AIM OF THE EXERCISE →
Reproduce every line of the data, exactly and without its pictures.

[Stored data entries]
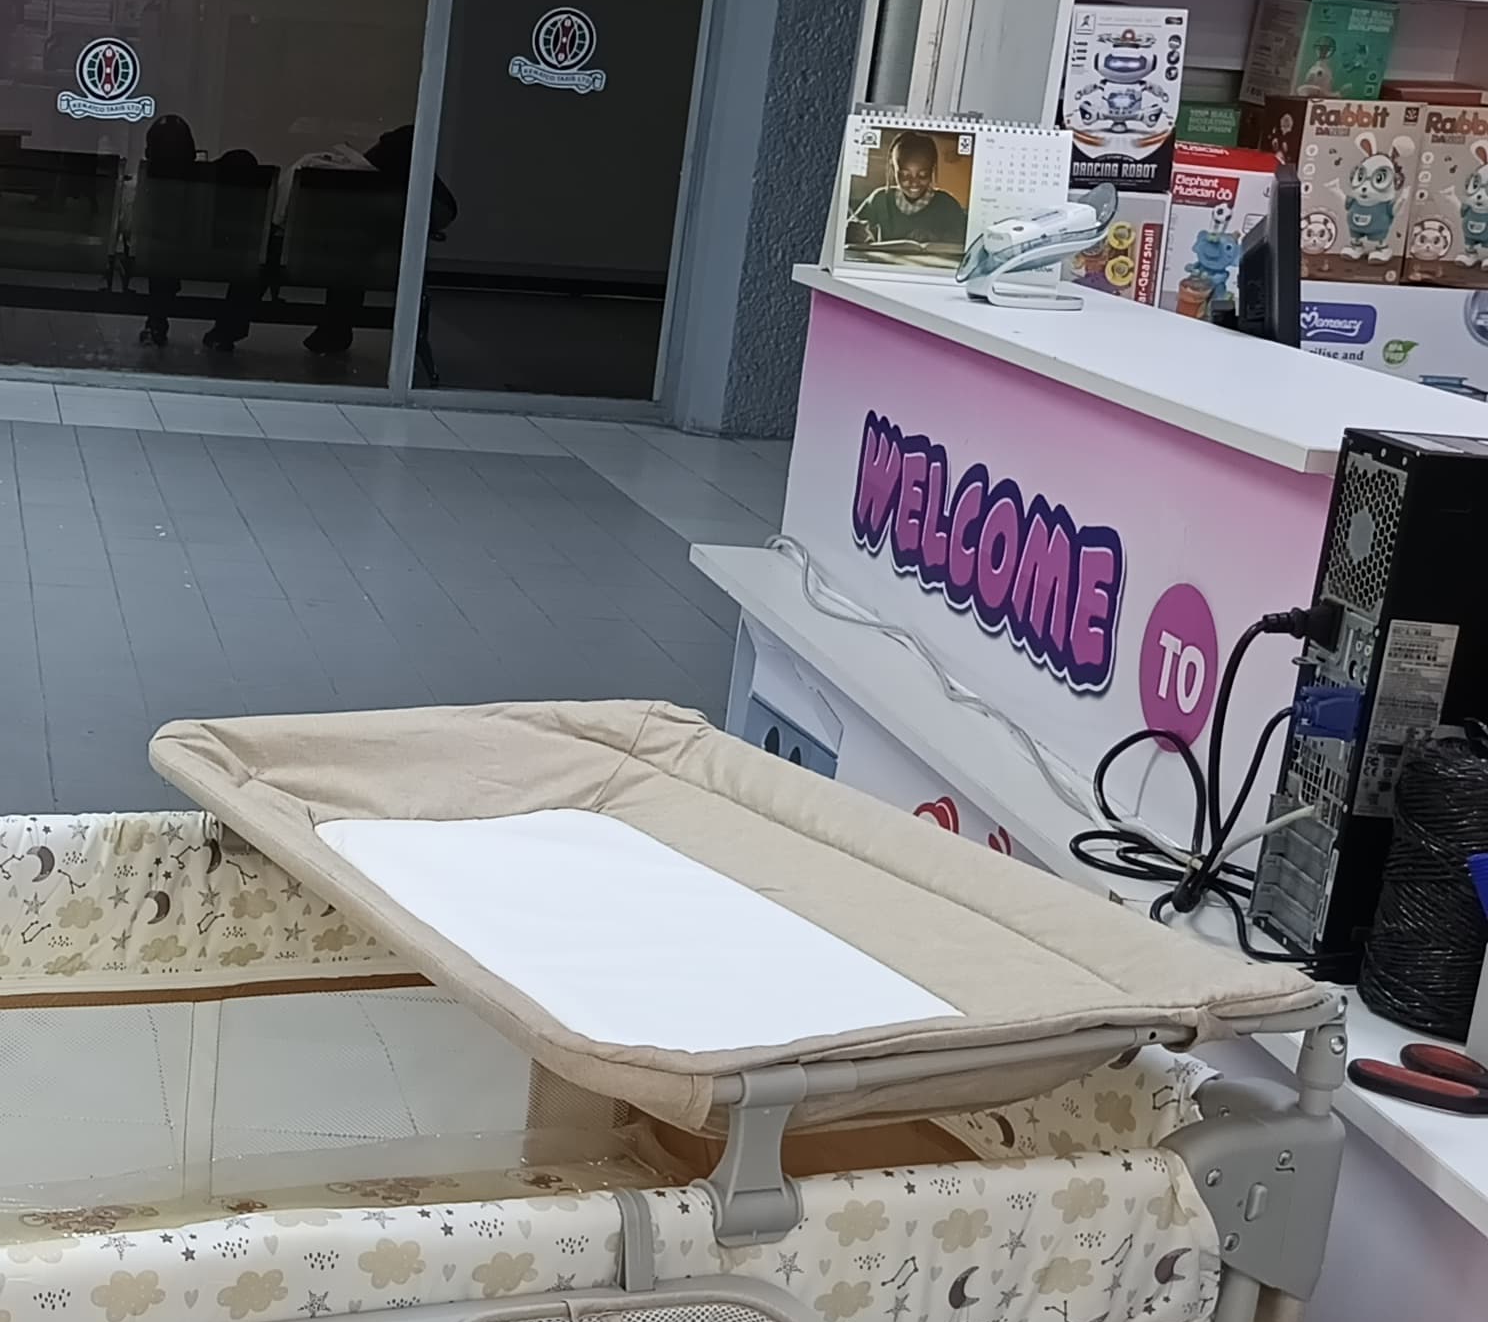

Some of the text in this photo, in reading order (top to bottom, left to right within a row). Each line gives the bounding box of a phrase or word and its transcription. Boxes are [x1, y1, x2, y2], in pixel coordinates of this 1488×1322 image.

[1310, 103, 1390, 128] Rabbit
[1425, 110, 1488, 135] Rabb
[1072, 161, 1158, 179] DANCING ROBOT
[1173, 185, 1216, 197] Musician
[1175, 174, 1219, 188] Elephant
[1342, 350, 1365, 361] and
[854, 413, 1122, 691] WELCOME
[1157, 631, 1205, 715] TO

EXERCISE SOLUTION →
Some of the text in this photo, in reading order (top to bottom, left to right within a row). Each line gives the bounding box of a phrase or word and its transcription. Boxes are [x1, y1, x2, y2], in pixel coordinates of this 1488×1322 image.

[1310, 103, 1390, 128] Rabbit
[1425, 110, 1488, 135] Rabb
[1072, 161, 1158, 179] DANCING ROBOT
[1173, 185, 1216, 197] Musician
[1175, 174, 1219, 188] Elephant
[1342, 350, 1365, 361] and
[854, 413, 1122, 691] WELCOME
[1157, 631, 1205, 715] TO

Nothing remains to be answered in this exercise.